Akan tetapi, malam ganjil adalah malam yang dimungkinkan datangnya Lailatu Qadar. Sedangkan malam 21 dan 23 Ramadhan adalah malam yang sangat potensial terjadinya malam Lailatul Qadar. (Syekh Ibnu Qasim al-Ghazi, Fathul Qarib Al-Mujib fi Syarhi Alfadhit Taqrib, [Mathba’ah Kastaliah, 1864], halaman 79)


Dengan demikian, dapat disimpulkan bahwa ibadah sunnah yang sangat mudah dilakukan di bulan Ramadhan adalah i’tikaf. Karena hanya dengan berdiam diri di dalam masjid kita akan mendapatkan pahala sunnah yang dilipatgandakan. Bahkan terdapat sebuah riwayat yang menjelaskan bahwa nabi Muhammad saw selalu melakukan i’tikaf setiap kali datang bulan Ramadhan. 


كَانَ رَسُوْلُ اللهِ صَلَّى الله عَلَيْهِ وَسَلَّمَ يَعْتَكِفُ فِي كُلِّ رَمَضَان عَشْرَةَ أَيَّامٍ, فَلَمَّا كَانَ الْعَامُ الَّذِي قُبِضَ فِيهِ اعْتَكَفَ عِشْرِينَ. 

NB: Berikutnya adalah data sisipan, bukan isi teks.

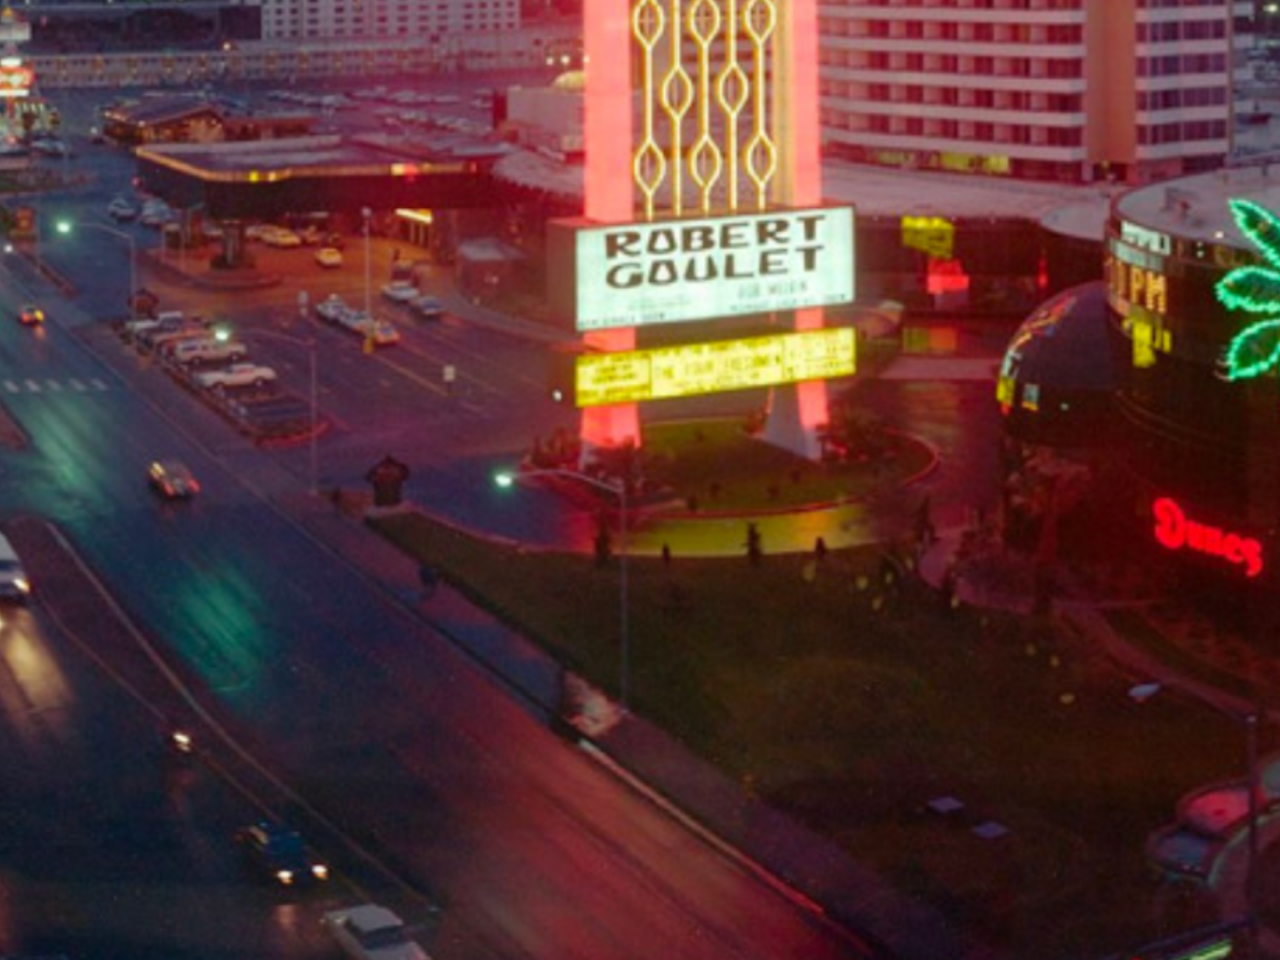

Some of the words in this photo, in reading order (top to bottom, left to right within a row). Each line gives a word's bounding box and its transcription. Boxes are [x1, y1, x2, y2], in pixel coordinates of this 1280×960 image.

[605, 214, 826, 259] ROBERT
[605, 245, 825, 289] GOULET
[1152, 496, 1263, 578] Dunes
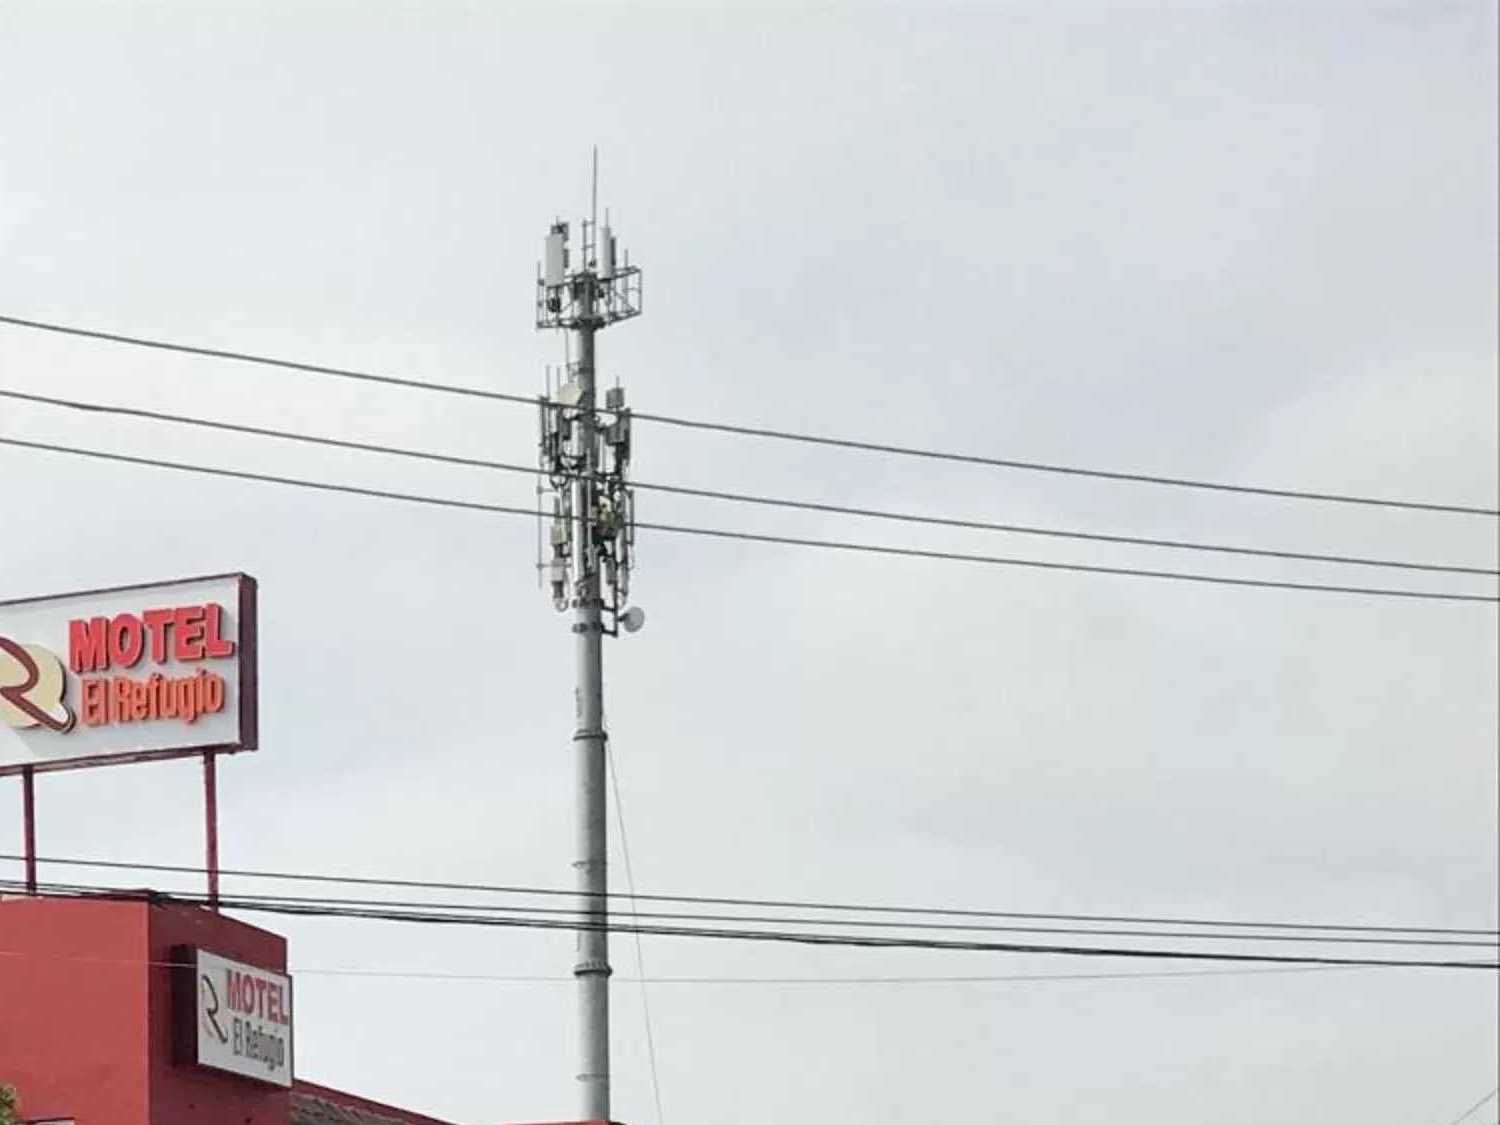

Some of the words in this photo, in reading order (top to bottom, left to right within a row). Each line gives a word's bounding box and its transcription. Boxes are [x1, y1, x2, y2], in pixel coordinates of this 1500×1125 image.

[68, 603, 235, 673] MOTEL
[80, 678, 108, 727] El
[114, 669, 224, 724] Refugio
[226, 967, 289, 1026] MOTEL

Artinya: “Bahwa Nabi Muhammad saw selalu melakukan i’tikaf 10 hari setiap datangnya bulan Ramadhan. Akan tetapi, saat beliau menerima wahyu (Al-Qur’an) beliau akan beri’tikaf selama 20 hari.” (Al Hafizh Ibnu Hajar Al Asqalani, Umdatul Qari fi Syarhi Shahih Bukhari, [Mathba’ah Kastaliah, 1864], halaman 79)


Bahkan diriwayatkan oleh Sayyidah A’isyah:


كَانَ رَسُوْلُ اللهِ صَلَّى الله عَلَيْهِ وَسَلَّمَ يَعْتَكِفُ الْعَشْرَ الْاَوَاخِرَ مِنْ رَمَضَانَ حَتَّى تَوَفَّاهُ اللهُ.

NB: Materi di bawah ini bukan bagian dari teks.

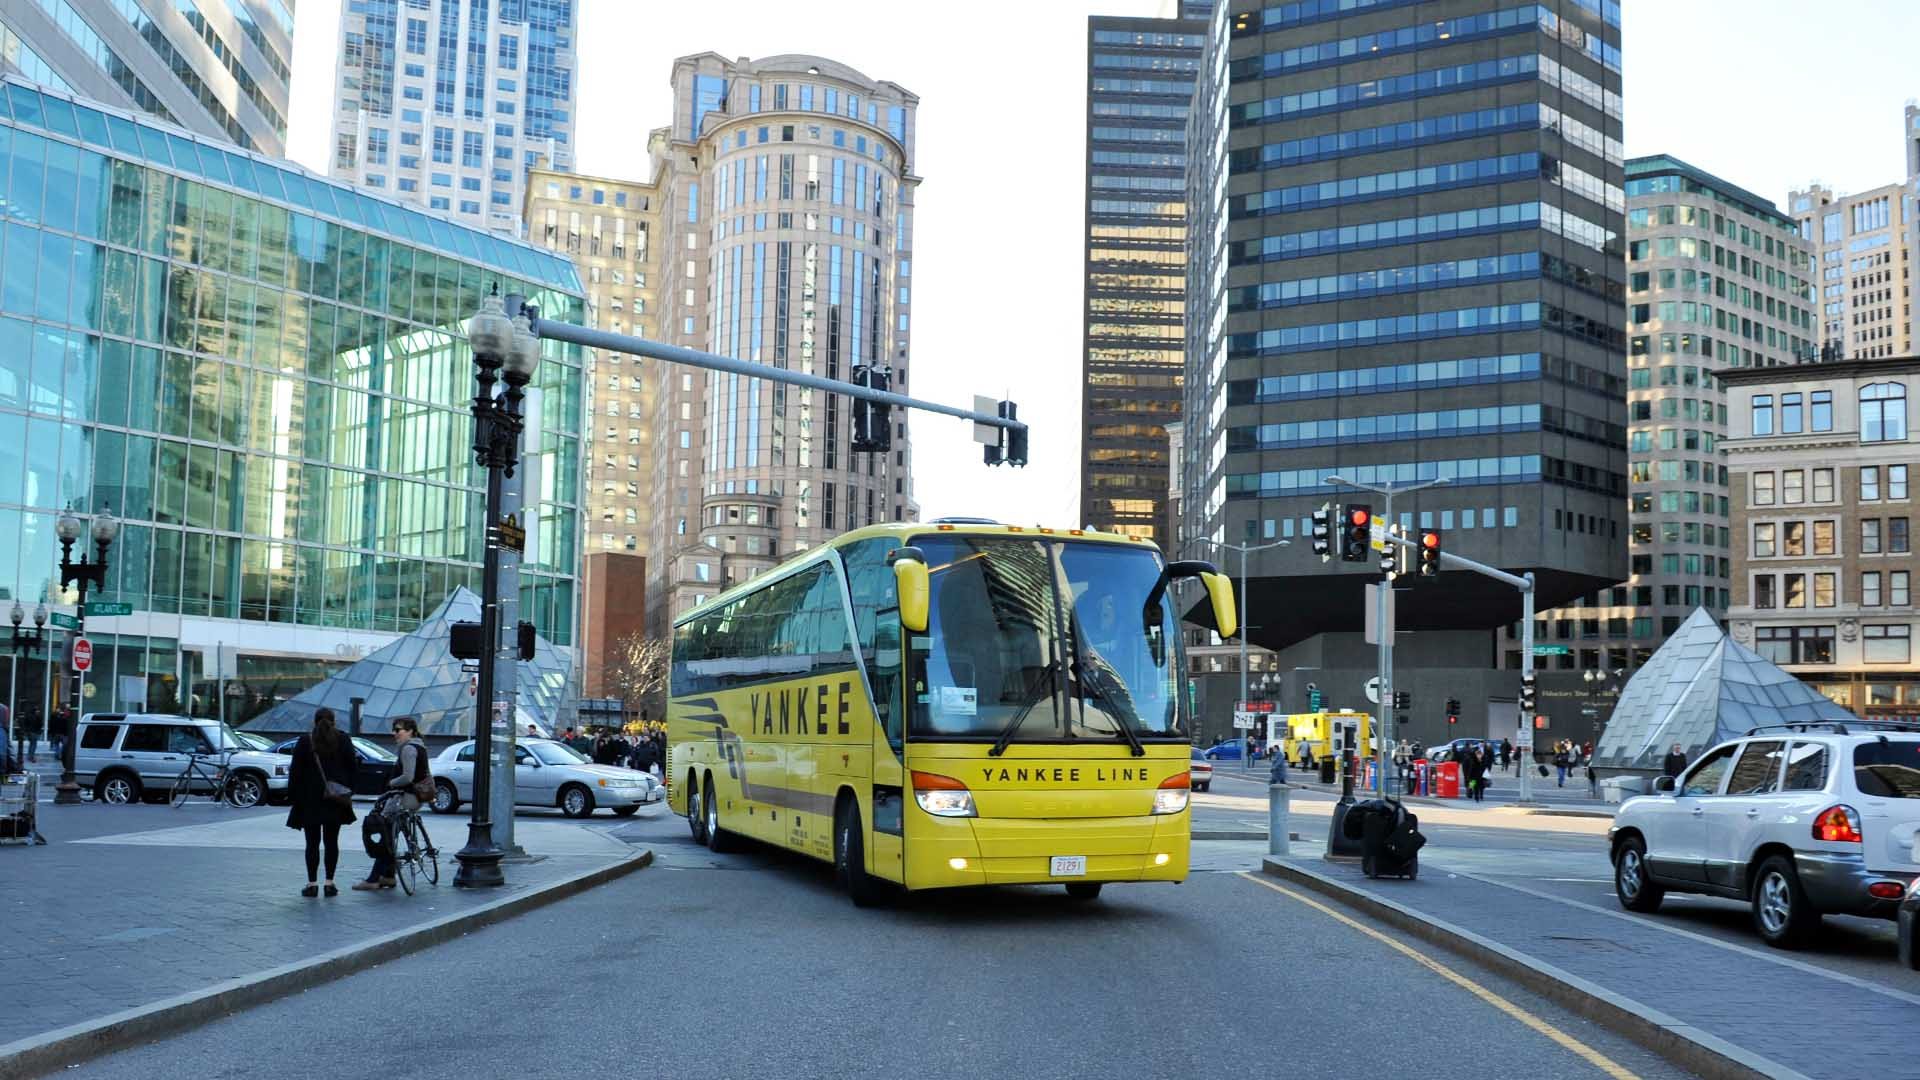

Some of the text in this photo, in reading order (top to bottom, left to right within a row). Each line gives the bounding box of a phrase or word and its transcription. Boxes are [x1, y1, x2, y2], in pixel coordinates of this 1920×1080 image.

[93, 603, 122, 613] ATLANTIC
[751, 682, 850, 735] YANKEE
[982, 768, 1149, 782] YANKEE LINE
[1056, 860, 1081, 872] 21291

Artinya: “Nabi Muhammad SAW melakukan i’tikaf di 10 akhir bulan Ramadhan sampai beliau wafat.” (Muslim bin Al Hajjaj, Shahih Muslim, [Islam Kotob], juz 3, halaman 175)


Dalil-dalil ini menunjukkan bahwa i’tikaf mempunyai banyak keutamaan. Di sisi lain, dengan melakukan i’tikaf, kita dapat mengendalikan hawa nafsu untuk menghindari hal-hal buruk yang berpotensi merusak amal ibadah puasa.  Sebagaimana dijelaskan dalam kitab I’anatut Thalibin juz 2 halaman 289:


لِاَنَّهُ أَقْرَبُ لِصَوْنِ النَّفْسِ عَنْ ارْتِكَابِ مَا لَا يَلِيْقُ


Artinya: “Karena i’tikaf dapat menjaga hawa nafsu dari perbuatan-perbuatan yang tidak baik.” (Muslim bin al-Hajjaj, Shahih Muslim, [Islam Kotob], juz 3, halaman 175) 

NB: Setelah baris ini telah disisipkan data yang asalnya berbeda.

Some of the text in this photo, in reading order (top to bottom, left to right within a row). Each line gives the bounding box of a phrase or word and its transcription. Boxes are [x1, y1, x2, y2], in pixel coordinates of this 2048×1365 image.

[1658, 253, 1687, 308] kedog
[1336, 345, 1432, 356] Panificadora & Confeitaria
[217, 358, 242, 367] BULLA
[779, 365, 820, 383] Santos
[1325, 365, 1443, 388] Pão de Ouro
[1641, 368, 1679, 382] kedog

Adapun panduan teknis sederhana pelaksanaan i’tikaf yaitu: pertama adalah niat dengan lafal:


نَوَيْتُ اْلِاعْتِكَافَ سُنَّةً لِلهِ تَعَالَى


Artinya: “Aku niat i’tikaf sunnah karena Allah.
 

Kedua adalah berdiam diri di dalam masjid dengan durasi waktu minimal kadar tuma’ninah


Marilah kita manfaatkan bulan Ramadhan tahun ini untuk meningkatkan kualitas dan kuantitas takwa kepada Allah swt dengan selalu melakukan amal-amal kebaikan. Serta berharap semoga kita semua tergolong orang-orang yang dijelaskan dalam hadits di atas yakni : “Barangsiapa yang beribadah kepada Allah pada bulan Ramadhan dengan penuh keimanan dan keikhlasan, maka dosa-dosanya terdahulu akan diampuni oleh Allah .” Amin.


Muhammad Ulil Albab, Santri Pondok Pesantren Mansajul Ulum sekaligus Mahasiswa Institut Pesantren Mathali’ul Falah Pati.